When I build a shared object using Clang from separate c-sources on Linux with -fembed-bitcode option, I cannot load it into Sulong.
Create the following two files:
test1.c:
int f() { return 42; }
test2.c:
int g() { return 24; }
Build libtest.so and try to load it:
$ clang-6.0 -fPIC -shared -O1 -g -fembed-bitcode test1.c test2.c -o libtest.so
$ ~/soft/graalvm-ce-1.0.0-rc10/bin/lli ./libtest.so
ERROR: java.lang.IllegalStateException: Unexpected Record Type Id: 0
org.graalvm.polyglot.PolyglotException: java.lang.IllegalStateException: Unexpected Record Type Id: 0
at java.lang.Throwable.<init>(Throwable.java:265)
at java.lang.Exception.<init>(Exception.java:66)
at java.lang.RuntimeException.<init>(RuntimeException.java:62)
at java.lang.IllegalStateException.<init>(IllegalStateException.java:55)
at com.oracle.truffle.llvm.parser.scanner.LLVMScanner.defineAbbreviation(LLVMScanner.java:319)
at com.oracle.truffle.llvm.parser.scanner.LLVMScanner.scanToOffset(LLVMScanner.java:218)
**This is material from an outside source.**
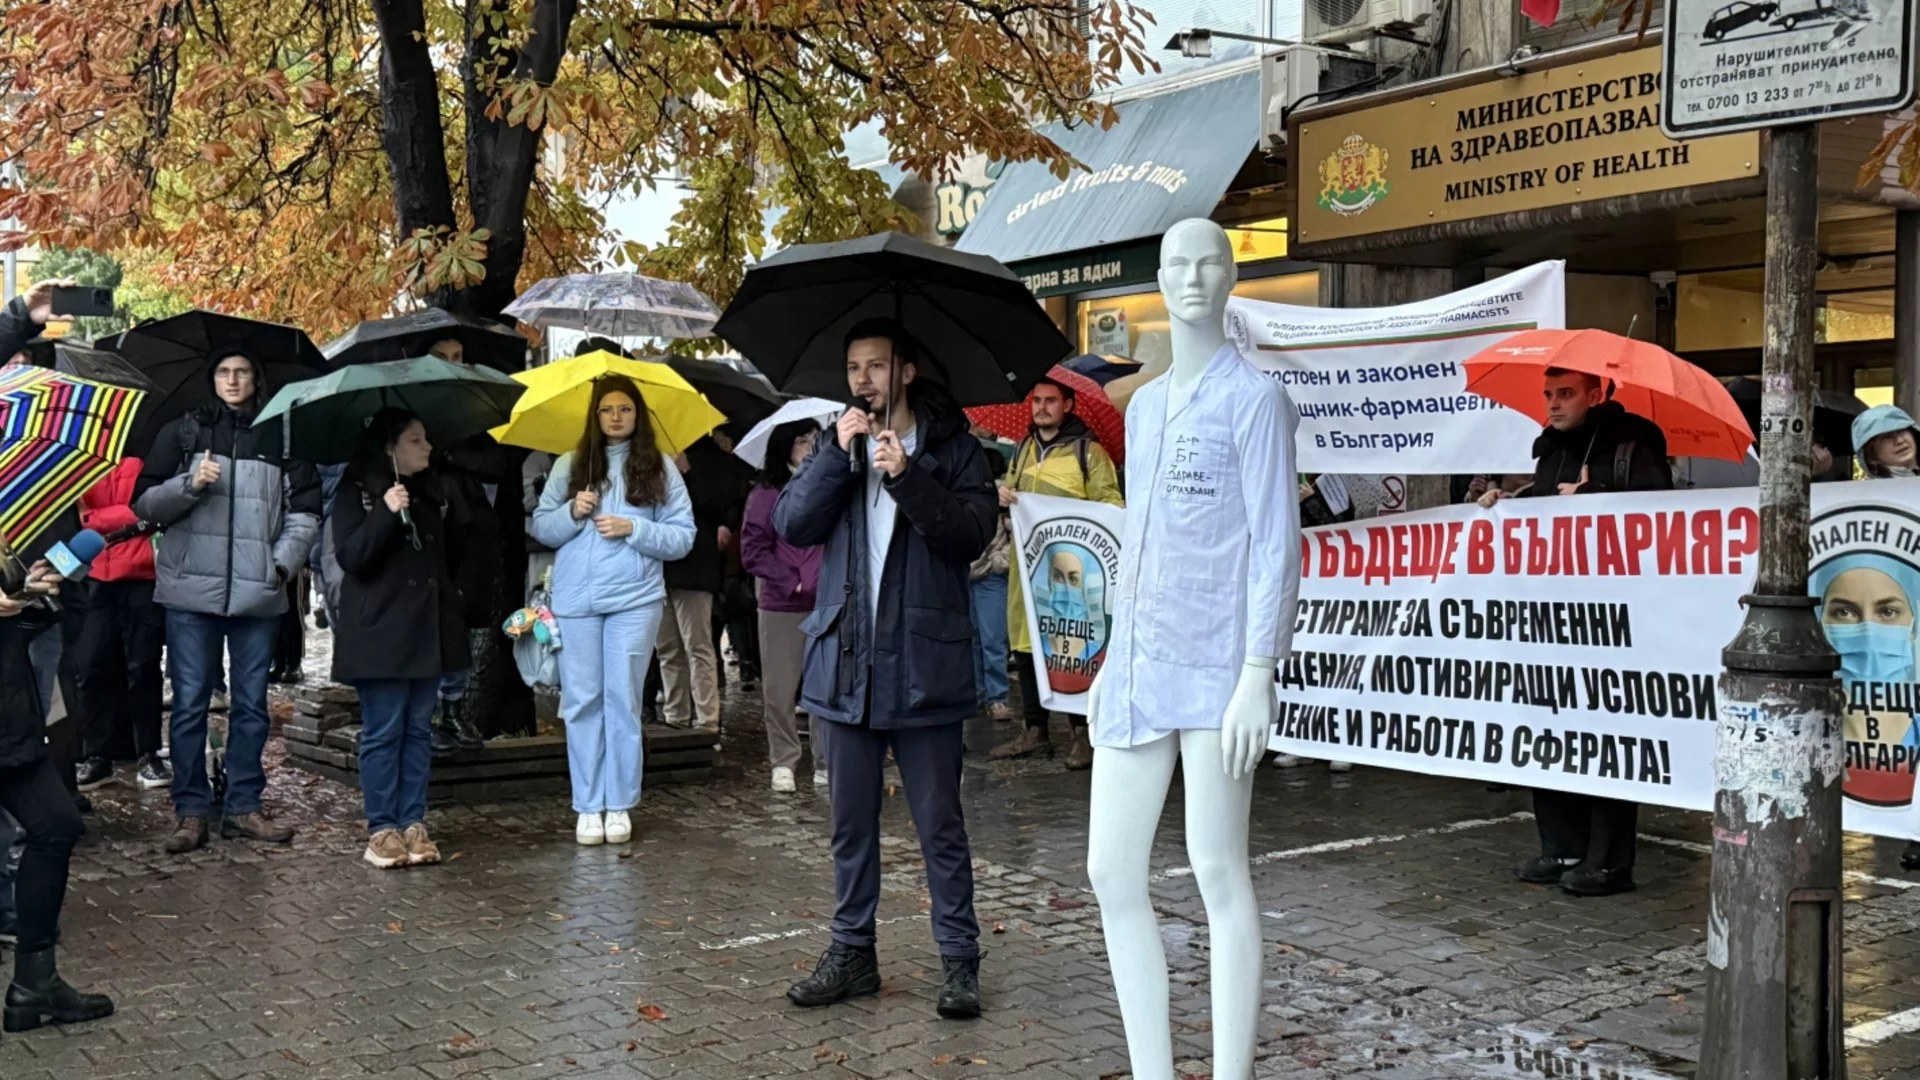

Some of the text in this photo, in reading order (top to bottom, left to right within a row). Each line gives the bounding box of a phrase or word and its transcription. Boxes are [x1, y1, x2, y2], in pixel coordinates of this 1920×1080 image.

at com.oracle.truffle.llvm.parser.scanner.LLVMScanner.scanToEnd(LLVMScanner.java:201)
at com.oracle.truffle.llvm.parser.scanner.LLVMScanner.parseBitcodeBlock(LLVMScanner.java:160)
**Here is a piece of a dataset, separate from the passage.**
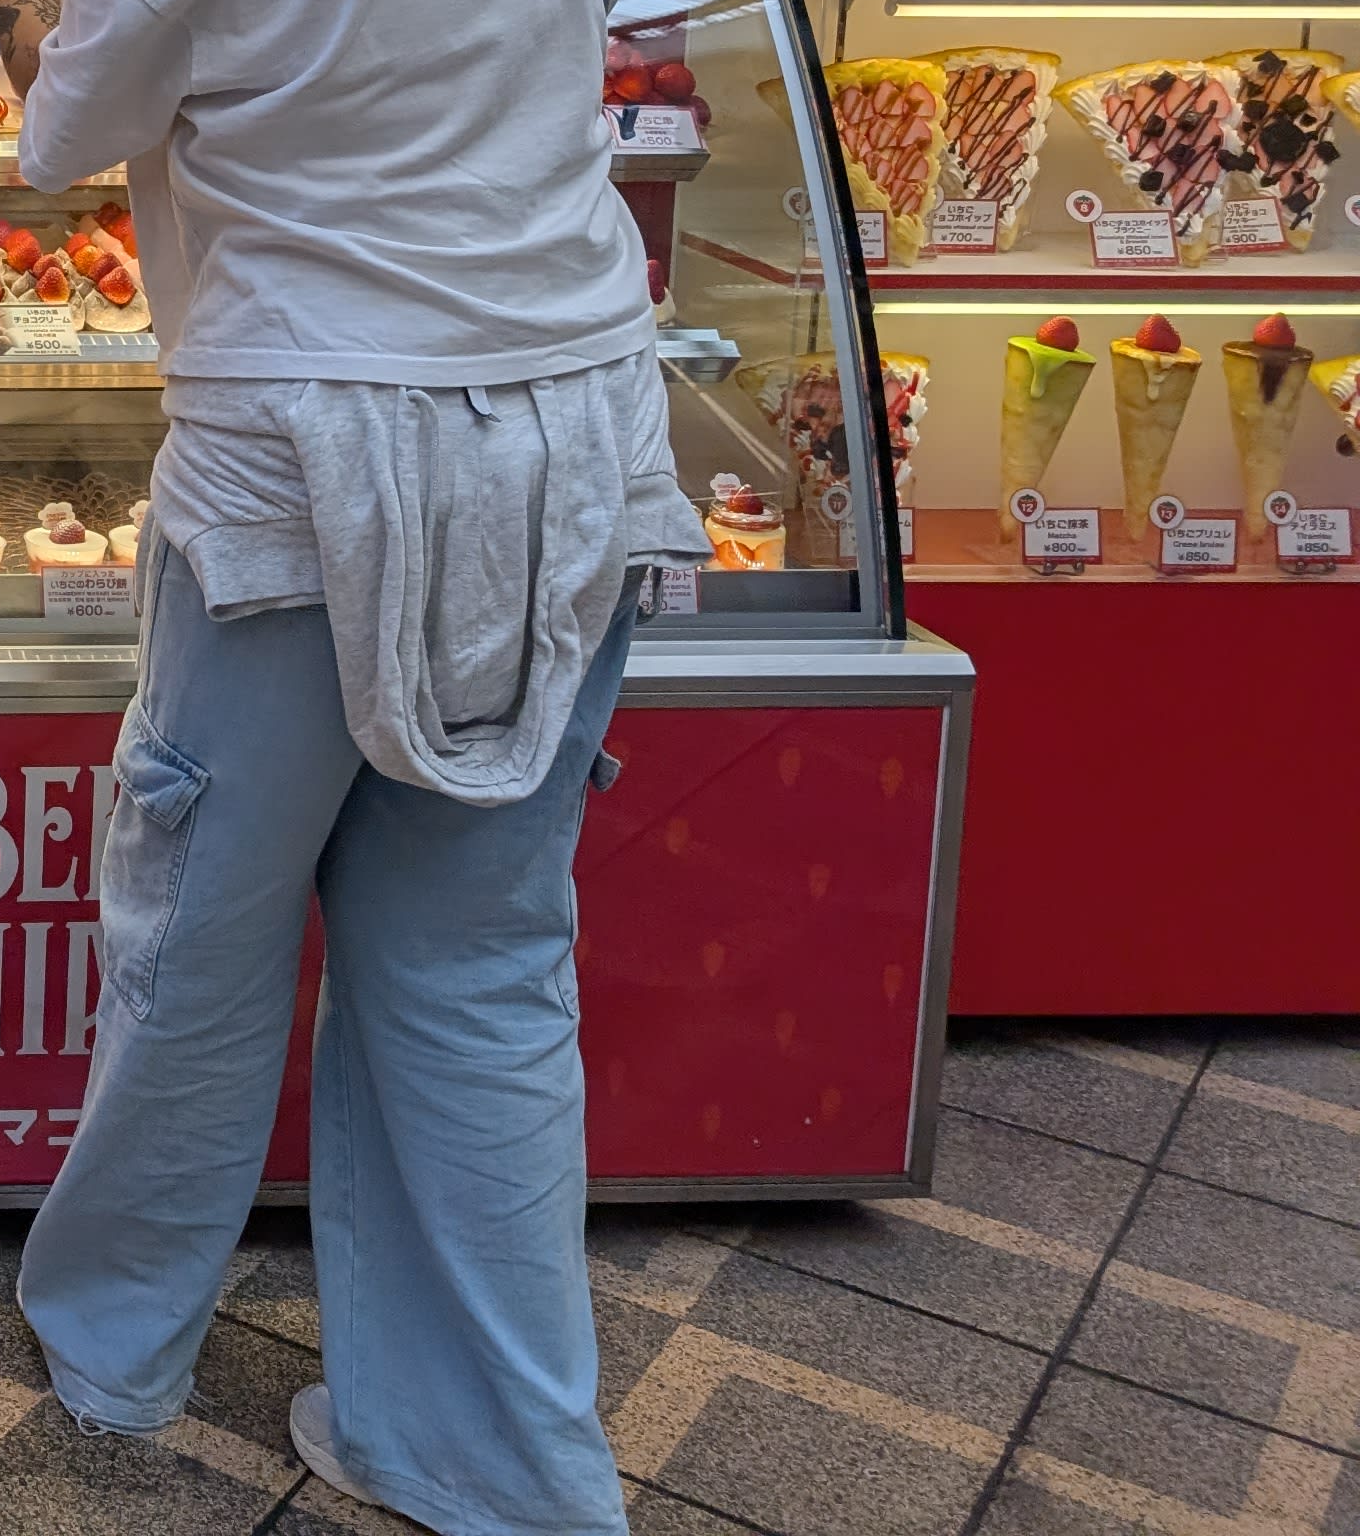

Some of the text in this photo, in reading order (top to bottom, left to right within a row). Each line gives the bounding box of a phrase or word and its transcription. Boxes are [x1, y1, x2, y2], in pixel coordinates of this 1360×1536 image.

[14, 316, 71, 324] チョコクリーム
[67, 605, 103, 616] ¥600
at com.oracle.truffle.llvm.parser.scanner.LLVMScanner.parse(LLVMScanner.java:132)
at com.oracle.truffle.llvm.Runner.parse(Runner.java:642)
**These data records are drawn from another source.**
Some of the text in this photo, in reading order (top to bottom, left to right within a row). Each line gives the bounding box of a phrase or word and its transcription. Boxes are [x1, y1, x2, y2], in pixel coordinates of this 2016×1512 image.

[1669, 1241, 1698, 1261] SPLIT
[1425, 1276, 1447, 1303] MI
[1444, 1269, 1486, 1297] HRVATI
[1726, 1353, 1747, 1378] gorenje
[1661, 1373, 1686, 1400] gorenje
at com.oracle.truffle.llvm.Runner.parse(Runner.java:372)
at com.oracle.truffle.llvm.Runner.parse(Runner.java:331)
at com.oracle.truffle.llvm.Sulong.parse(Sulong.java:113)
at com.oracle.truffle.api.TruffleLanguage$ParsingRequest.parse(TruffleLanguage.java:798)
at com.oracle.truffle.api.TruffleLanguage.parse(TruffleLanguage.java:1233)
at com.oracle.truffle.api.TruffleLanguage$LanguageImpl.parse(TruffleLanguage.java:2413)
at org.graalvm.polyglot.Context.eval(Context.java:335)
at com.oracle.truffle.llvm.launcher.LLVMLauncher.execute(LLVMLauncher.java:210)
at com.oracle.truffle.llvm.launcher.LLVMLauncher.launch(LLVMLauncher.java:63)
at org.graalvm.launcher.AbstractLanguageLauncher.launch(AbstractLanguageLauncher.java:132)
at org.graalvm.launcher.AbstractLanguageLauncher.launch(AbstractLanguageLauncher.java:72)
at com.oracle.truffle.llvm.launcher.LLVMLauncher.main(LLVMLauncher.java:53)
at com.oracle.svm.core.JavaMainWrapper.run(JavaMainWrapper.java:164)
Original Internal Error:
java.lang.IllegalStateException: Unexpected Record Type Id: 0
at java.lang.Throwable.<init>(Throwable.java:265)
at java.lang.Exception.<init>(Exception.java:66)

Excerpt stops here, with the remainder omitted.